教育再生会議が「いじめに関する緊急提言」をまとめました。今日の1番のニュースのようで、テレビではこの緊急提言に関するコーナーがたくさん設けられていました。
教育再生会議担当室長の義家弘介氏が積極的だった加害者の出席停止措置は、いじめの未然に防ぐ抜本策を優先させるべきだ、加害者の指導はどうするのかなど議論の結果、見送られたということです。
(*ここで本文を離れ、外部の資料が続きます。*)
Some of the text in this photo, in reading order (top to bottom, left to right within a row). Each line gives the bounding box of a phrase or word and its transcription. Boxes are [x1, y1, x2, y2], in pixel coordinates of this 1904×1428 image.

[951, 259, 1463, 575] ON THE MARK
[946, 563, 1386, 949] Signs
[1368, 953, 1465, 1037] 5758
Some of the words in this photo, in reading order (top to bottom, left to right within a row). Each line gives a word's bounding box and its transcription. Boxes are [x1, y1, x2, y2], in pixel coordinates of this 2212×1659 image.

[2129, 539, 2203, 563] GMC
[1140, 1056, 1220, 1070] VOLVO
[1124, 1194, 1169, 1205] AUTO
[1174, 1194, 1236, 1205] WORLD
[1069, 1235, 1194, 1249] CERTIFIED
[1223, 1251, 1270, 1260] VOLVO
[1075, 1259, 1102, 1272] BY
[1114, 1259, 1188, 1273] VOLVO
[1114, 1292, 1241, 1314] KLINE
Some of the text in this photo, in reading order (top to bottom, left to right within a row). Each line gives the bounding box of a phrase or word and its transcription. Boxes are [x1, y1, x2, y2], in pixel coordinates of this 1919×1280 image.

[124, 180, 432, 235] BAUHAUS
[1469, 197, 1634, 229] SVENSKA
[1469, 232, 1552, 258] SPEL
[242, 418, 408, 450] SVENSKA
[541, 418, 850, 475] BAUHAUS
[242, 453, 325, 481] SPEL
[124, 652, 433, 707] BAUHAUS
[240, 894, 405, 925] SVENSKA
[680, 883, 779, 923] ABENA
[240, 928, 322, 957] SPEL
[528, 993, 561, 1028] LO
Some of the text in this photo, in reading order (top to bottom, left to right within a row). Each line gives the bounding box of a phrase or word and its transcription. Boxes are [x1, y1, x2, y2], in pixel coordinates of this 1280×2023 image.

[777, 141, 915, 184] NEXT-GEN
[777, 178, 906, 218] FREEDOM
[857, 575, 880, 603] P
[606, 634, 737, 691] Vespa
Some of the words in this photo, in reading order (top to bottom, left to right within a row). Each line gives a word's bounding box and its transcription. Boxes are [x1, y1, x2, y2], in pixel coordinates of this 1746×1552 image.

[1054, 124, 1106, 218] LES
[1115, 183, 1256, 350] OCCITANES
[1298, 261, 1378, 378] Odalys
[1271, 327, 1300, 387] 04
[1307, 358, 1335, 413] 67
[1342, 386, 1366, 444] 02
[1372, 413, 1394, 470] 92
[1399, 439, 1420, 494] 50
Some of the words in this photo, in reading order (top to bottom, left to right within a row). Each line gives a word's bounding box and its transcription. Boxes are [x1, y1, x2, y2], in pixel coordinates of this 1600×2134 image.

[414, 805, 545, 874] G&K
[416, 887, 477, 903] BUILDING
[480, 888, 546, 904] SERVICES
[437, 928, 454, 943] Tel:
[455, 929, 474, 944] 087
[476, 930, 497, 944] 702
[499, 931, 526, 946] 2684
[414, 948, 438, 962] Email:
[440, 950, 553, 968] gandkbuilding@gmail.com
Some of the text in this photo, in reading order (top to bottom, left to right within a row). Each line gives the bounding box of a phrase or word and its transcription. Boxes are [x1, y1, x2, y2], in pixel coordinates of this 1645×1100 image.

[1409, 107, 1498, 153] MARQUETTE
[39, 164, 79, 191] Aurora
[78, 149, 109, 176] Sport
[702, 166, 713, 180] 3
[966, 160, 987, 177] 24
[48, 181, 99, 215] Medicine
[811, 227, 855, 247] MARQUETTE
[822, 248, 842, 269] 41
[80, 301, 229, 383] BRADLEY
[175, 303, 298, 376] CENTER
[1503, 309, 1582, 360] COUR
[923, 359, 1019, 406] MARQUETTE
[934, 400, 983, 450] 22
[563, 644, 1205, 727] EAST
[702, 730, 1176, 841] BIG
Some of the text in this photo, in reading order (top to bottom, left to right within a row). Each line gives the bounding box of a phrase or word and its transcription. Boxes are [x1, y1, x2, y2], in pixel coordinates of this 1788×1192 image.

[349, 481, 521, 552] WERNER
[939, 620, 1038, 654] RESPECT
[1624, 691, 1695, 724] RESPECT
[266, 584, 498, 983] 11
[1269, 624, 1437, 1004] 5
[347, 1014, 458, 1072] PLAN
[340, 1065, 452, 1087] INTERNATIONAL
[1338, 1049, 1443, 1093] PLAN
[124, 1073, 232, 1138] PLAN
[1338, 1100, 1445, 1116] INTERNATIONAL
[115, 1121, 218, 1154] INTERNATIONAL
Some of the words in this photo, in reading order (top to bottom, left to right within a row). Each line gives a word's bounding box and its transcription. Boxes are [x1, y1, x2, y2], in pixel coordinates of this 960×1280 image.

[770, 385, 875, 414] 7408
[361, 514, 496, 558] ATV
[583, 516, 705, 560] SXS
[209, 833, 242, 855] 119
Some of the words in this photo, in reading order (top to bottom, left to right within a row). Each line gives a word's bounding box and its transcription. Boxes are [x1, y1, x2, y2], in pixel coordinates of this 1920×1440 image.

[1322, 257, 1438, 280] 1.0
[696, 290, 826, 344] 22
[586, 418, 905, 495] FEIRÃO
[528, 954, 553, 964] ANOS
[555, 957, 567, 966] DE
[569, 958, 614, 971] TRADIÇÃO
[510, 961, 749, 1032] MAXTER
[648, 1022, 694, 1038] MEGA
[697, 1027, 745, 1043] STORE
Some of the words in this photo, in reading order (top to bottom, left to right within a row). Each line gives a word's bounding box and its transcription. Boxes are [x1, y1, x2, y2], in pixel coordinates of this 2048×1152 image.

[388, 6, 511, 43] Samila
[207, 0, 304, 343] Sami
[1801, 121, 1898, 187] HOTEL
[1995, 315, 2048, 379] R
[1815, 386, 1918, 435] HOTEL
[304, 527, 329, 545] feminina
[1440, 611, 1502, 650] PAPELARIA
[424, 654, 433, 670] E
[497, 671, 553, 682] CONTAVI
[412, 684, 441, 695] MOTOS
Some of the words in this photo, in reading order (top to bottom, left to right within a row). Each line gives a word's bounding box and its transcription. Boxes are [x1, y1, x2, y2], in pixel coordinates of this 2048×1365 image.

しかし、今回の「いじめに関する緊急提言」は本当に未然に防ぐための抜本策で、緊急提言という名にふさわしい内容になっているのでしょうか。
(1)学校は、子どもに対し、いじめは反社会的な行為として絶対許されないことであり、かつ、いじめを見て見ぬふりをする者も加害者であることを徹底して指導する。
(2)学校は、問題を起こす子どもに対して、指導、懲戒の基準を明確にし、毅然(きぜん)とした対応を取る。
(3)教員は、いじめられている子どもには、守ってくれる人、その子を必要としている人が必ずいるとの指導を徹底する。日ごろから、家庭・地域と連携して、子どもを見守り、子どもと触れ合い、子どもに声を掛け、どんな小さなサインも見逃さないようコミュニケーションを図る。いじめ発生時には、子ども、保護者に、学校がとる解決策を伝える。いじめの問題解決に全力で取り組む中、子どもや保護者が希望する場合には、いじめを理由とする転校も制度として認められていることも周知する。
(4)教育委員会は、いじめにかかわったり、いじめを放置・助長した教員に、懲戒処分を適用する。
(5)学校は、いじめがあった場合、事態に応じ、個々の教員のみに委ねるのではなく、校長、教頭、生徒指導担当教員、養護教諭などでチームをつくり、学校として解決に当たる。生徒間での話し合いも実施する。教員もクラス・マネジメントを見直し一人一人の子どもとの人間関係を築き直す。
(6)学校は、いじめがあった場合、それを隠すことなく、いじめを受けている当事者のプライバシーや二次被害の防止に配慮しつつ、必ず学校評議員、学校運営協議会、保護者に報告し、家庭や地域と一体となって解決に取り組む。学校と保護者との信頼が重要である。また問題は小さなうち(泣いていたり、寂しそうにしていたり、けんかをしていたりなど)に芽を摘み、悪化するのを未然に防ぐ。
(7)いじめを生まない素地をつくり、いじめの解決を図るには、家庭の責任も重大である。保護者は、子どもにしっかりと向き合わなければならない。日々の生活の中で、ほめる、励ます、しかるなど、親としての責任を果たす。おじいちゃんやおばあちゃん、地域の人たちも子どもたちに声を掛け、子どもの表情や変化を見逃さず、気付いた点を学校に知らせるなどサポートを積極的に行う。子どもたちには「いじめはいけない」「いじめに負けない」というメッセージを伝えよう。
(8)いじめ問題については、一過性の対応で終わらせず、教育再生会議としてもさらに真剣に取り組むとともに、政府が一丸となって取り組む。
この8項目のほとんどが、徹底して指導する、毅然とした態度を取る、解決に取り組むなど、曖昧な言葉で書かれています。また、内容自体も新しい考え方の基準が盛り込まれたわけではなく、緊急に提言するほどの内容には思えません。この内容であれば、今までも行ってきた学校もあるでしょうし、全国の学校で統一して指導を徹底できる明確さがありません。
また、今回の「いじめに関する緊急提言」はいじめを未然に防ぐ抜本策の優先ということですが、いじめが起きてからの対応や、処分、といったいじめが起きてからの方法が多く、それ以外についても、地域ぐるみで注意しておくといったほとんど何の効力にもならない未然防止抜本策という印象を受けます。未然防止策というのであれば、「いじめ」という行為が起きないように監視するのではなく、「いじめ」を起こす心理が働きにくい方法を研究すべきではないでしょうか。